■ **What this task involves**
Without the images, write out all of the following entries exactly.

*** Opening Entries shown ***

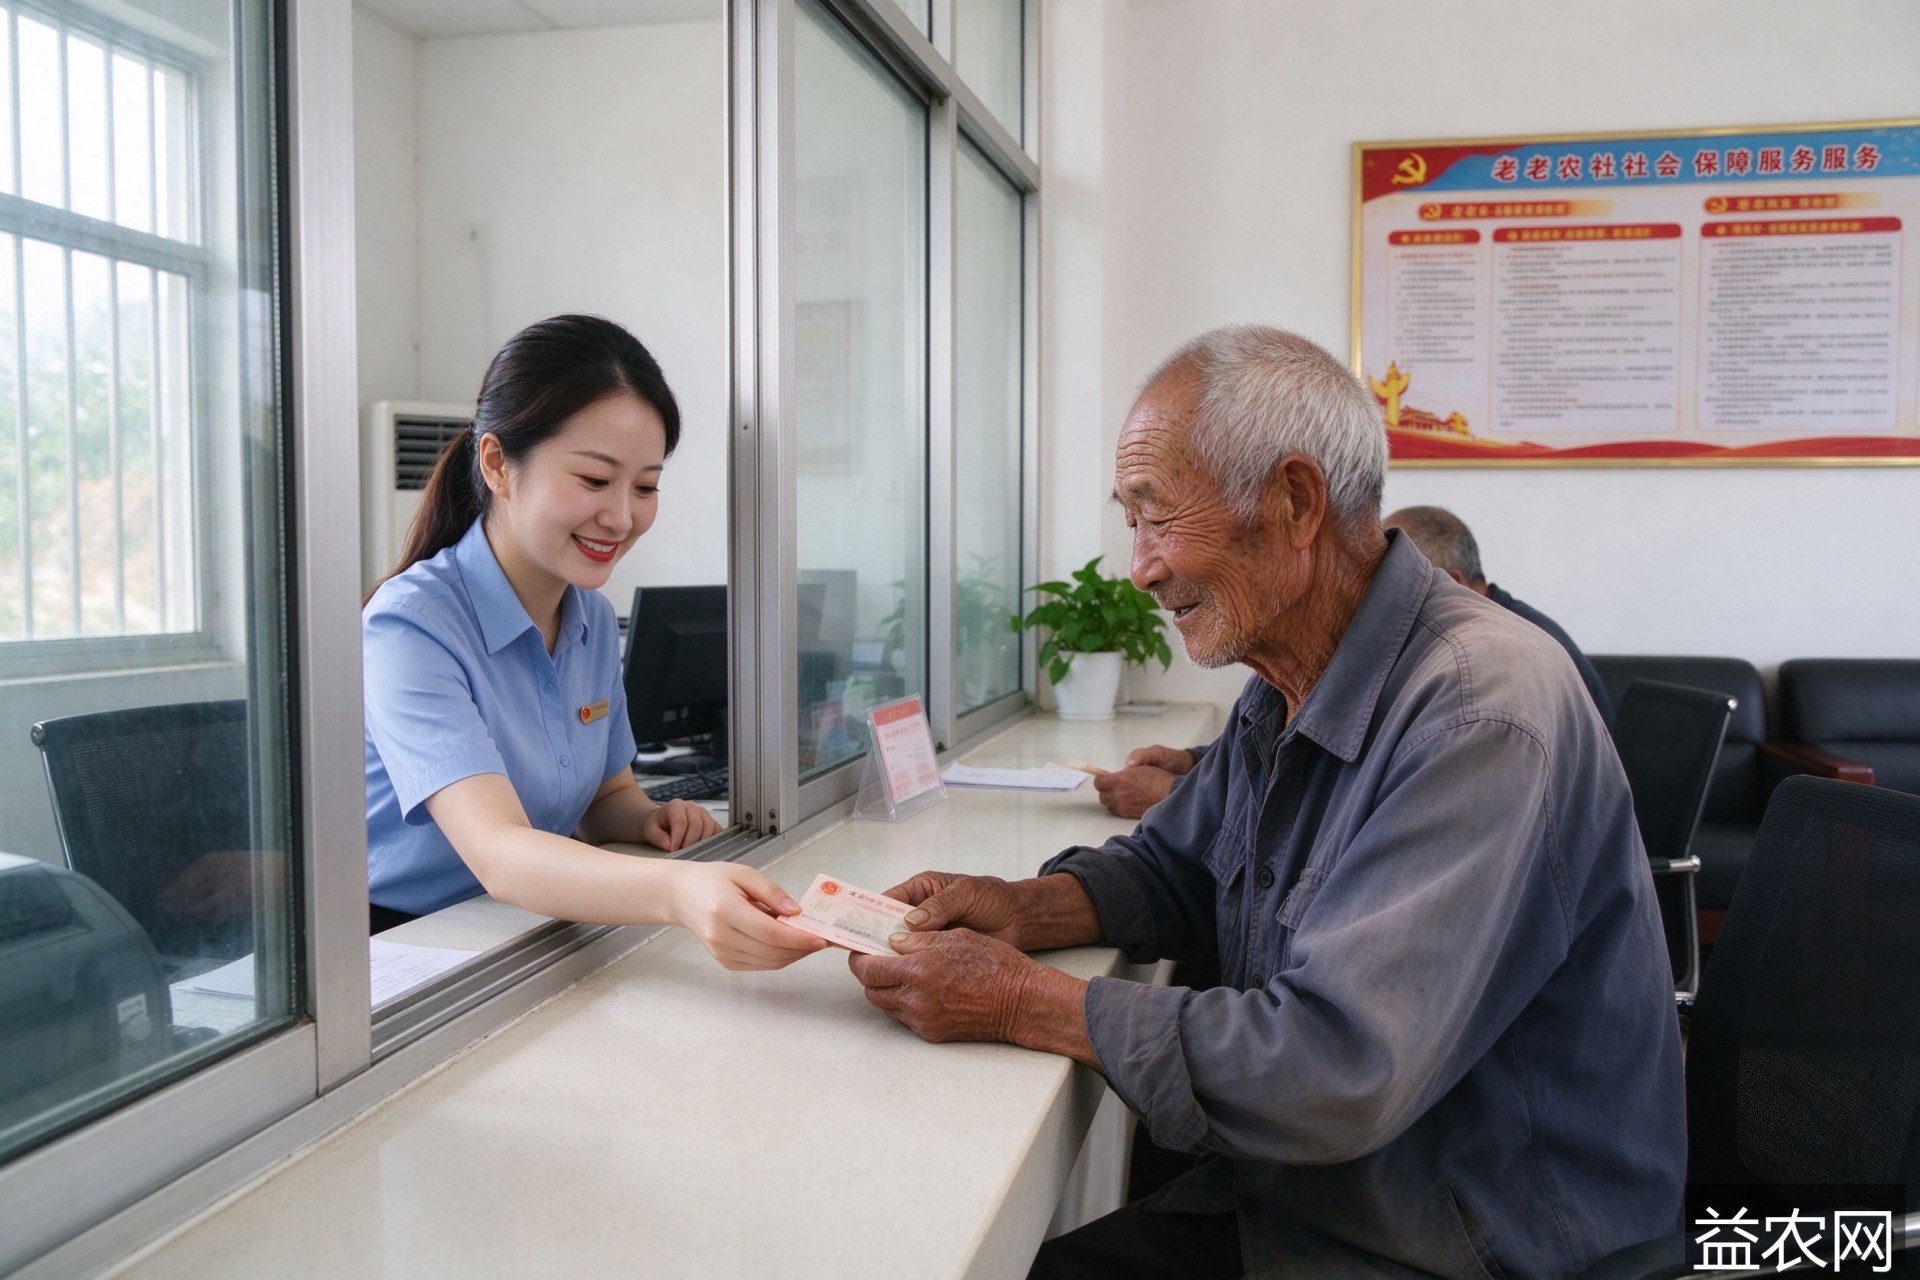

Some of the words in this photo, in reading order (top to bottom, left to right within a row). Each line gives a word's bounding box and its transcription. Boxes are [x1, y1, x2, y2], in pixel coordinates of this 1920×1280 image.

[1694, 145, 1880, 176] 保障服务服务
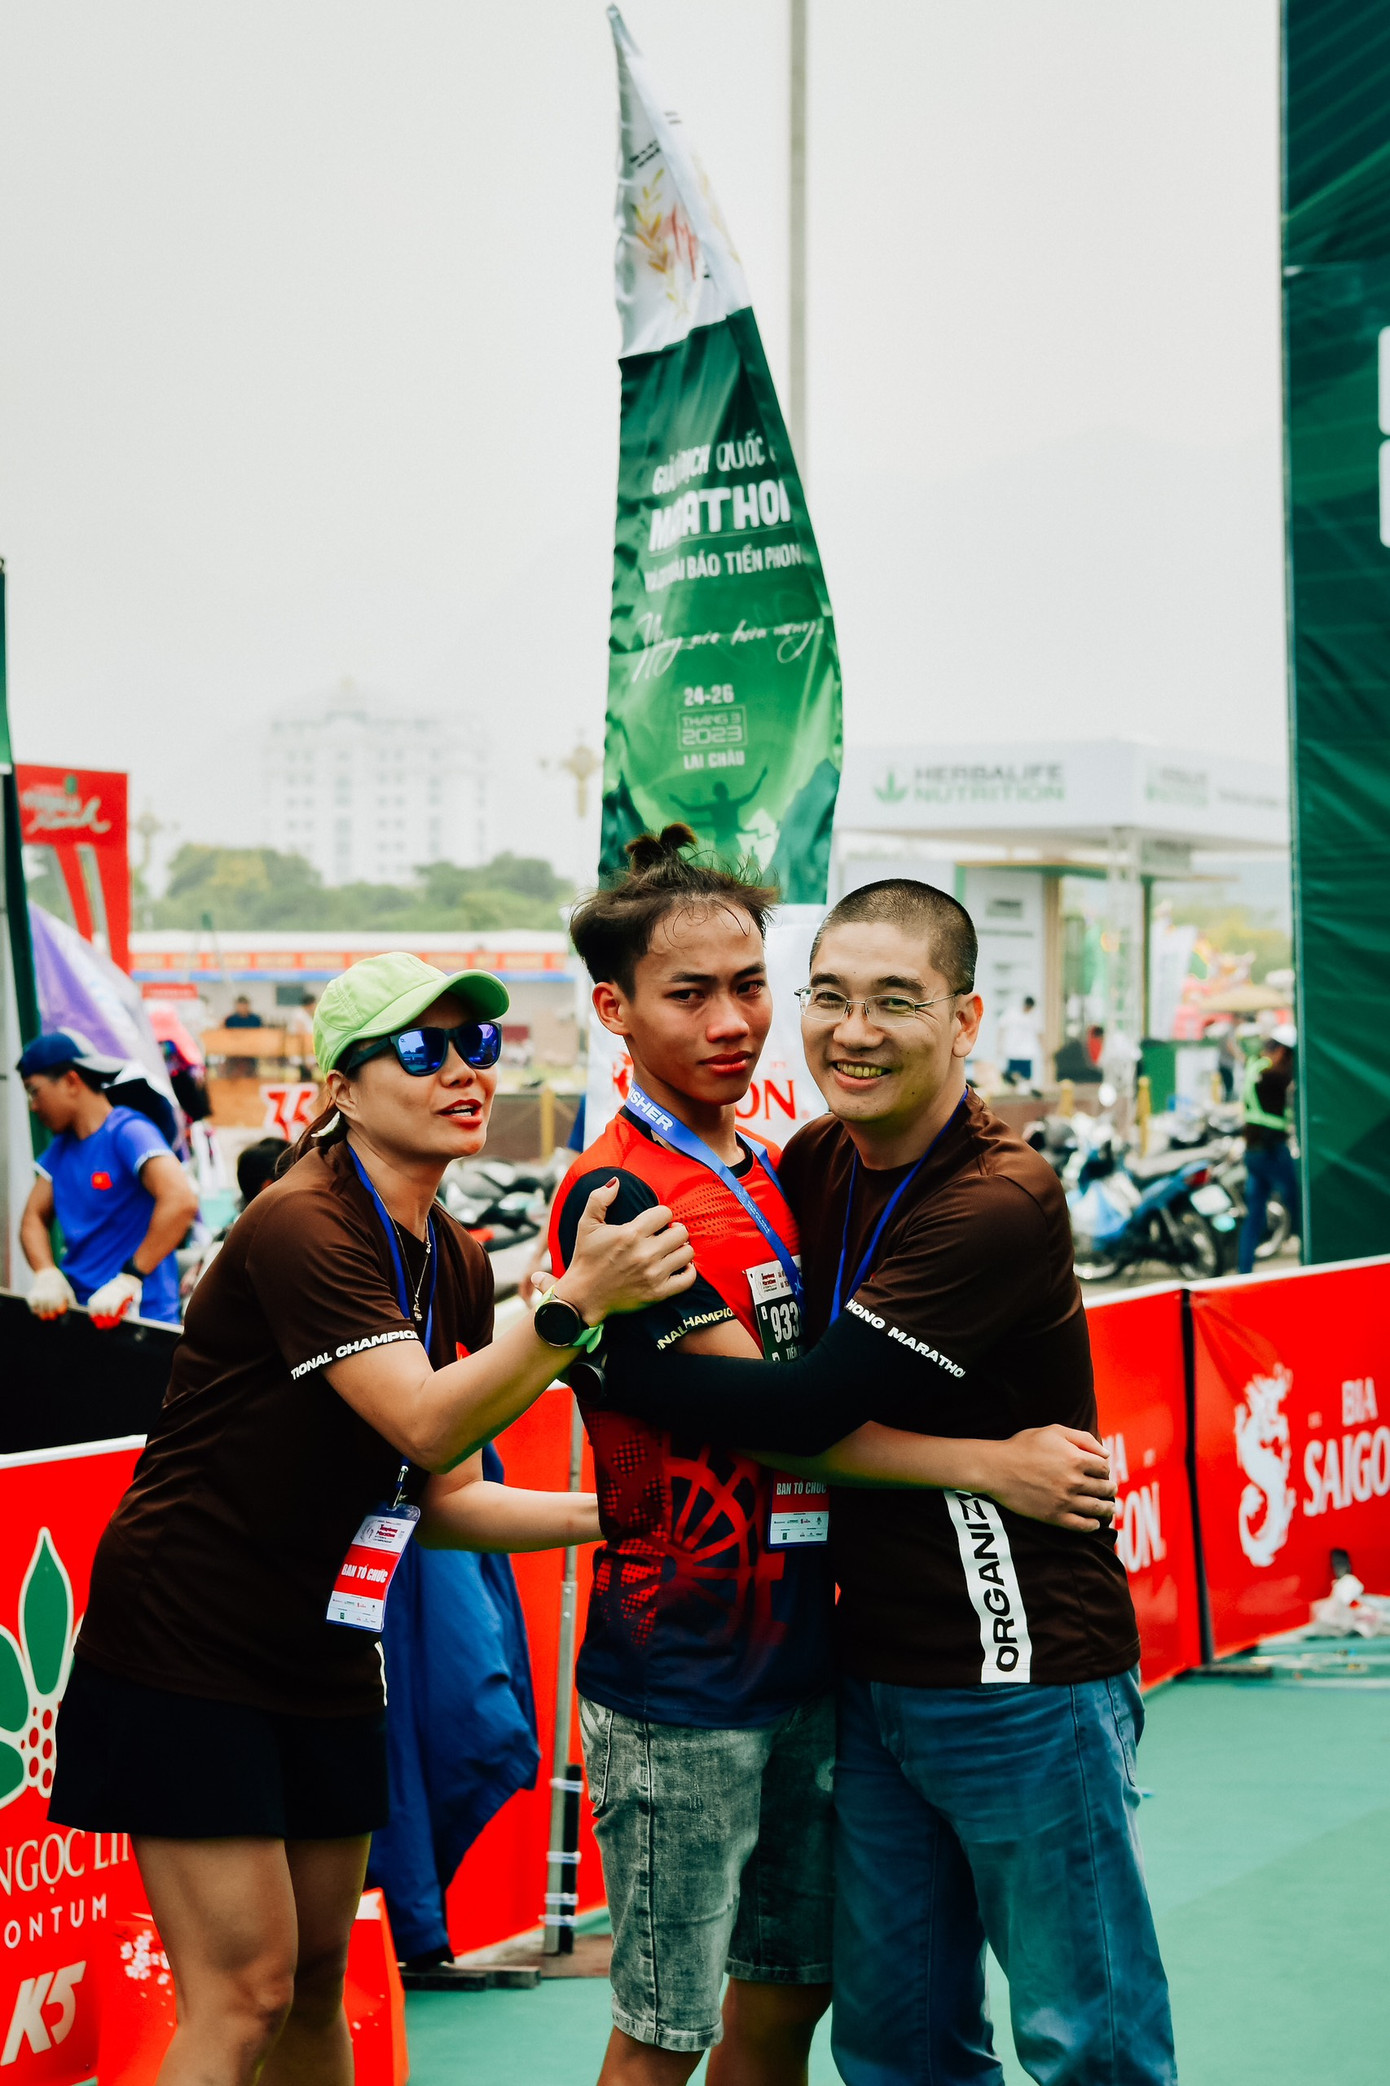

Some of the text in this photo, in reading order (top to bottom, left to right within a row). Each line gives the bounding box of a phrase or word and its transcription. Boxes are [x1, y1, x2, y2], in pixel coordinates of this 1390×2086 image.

[687, 549, 721, 579] BÁO
[765, 542, 806, 571] PHON
[684, 683, 735, 706] 24-26
[682, 725, 743, 746] 2023
[684, 749, 746, 770] LAI CHÂU
[656, 1326, 687, 1350] NAL
[888, 1326, 966, 1378] MARATHO
[290, 1352, 333, 1380] TIONAL
[1342, 1376, 1379, 1428] BIA
[1303, 1425, 1390, 1518] SAIGO
[777, 1482, 792, 1495] BAN
[341, 1564, 358, 1578] BAN
[4, 1893, 107, 1949] ONTUM
[0, 1960, 87, 2066] K5

*** Closing Entries shown ***

■ **Written reply**
Some of the words in this photo, in reading order (top to bottom, left to right within a row). Each line gives a word's bounding box and its transcription. Boxes are [x1, y1, x2, y2], in pixel coordinates of this 1920×1280 image.

[1694, 145, 1880, 176] 保障服务服务

Some of the text in this photo, in reading order (top to bottom, left to right within a row). Each line gives the bounding box of a phrase or word and its transcription. Boxes are [x1, y1, x2, y2], in pixel coordinates of this 1390×2086 image.

[687, 549, 721, 579] BÁO
[765, 542, 806, 571] PHON
[684, 683, 735, 706] 24-26
[682, 725, 743, 746] 2023
[684, 749, 746, 770] LAI CHÂU
[656, 1326, 687, 1350] NAL
[888, 1326, 966, 1378] MARATHO
[290, 1352, 333, 1380] TIONAL
[1342, 1376, 1379, 1428] BIA
[1303, 1425, 1390, 1518] SAIGO
[777, 1482, 792, 1495] BAN
[341, 1564, 358, 1578] BAN
[4, 1893, 107, 1949] ONTUM
[0, 1960, 87, 2066] K5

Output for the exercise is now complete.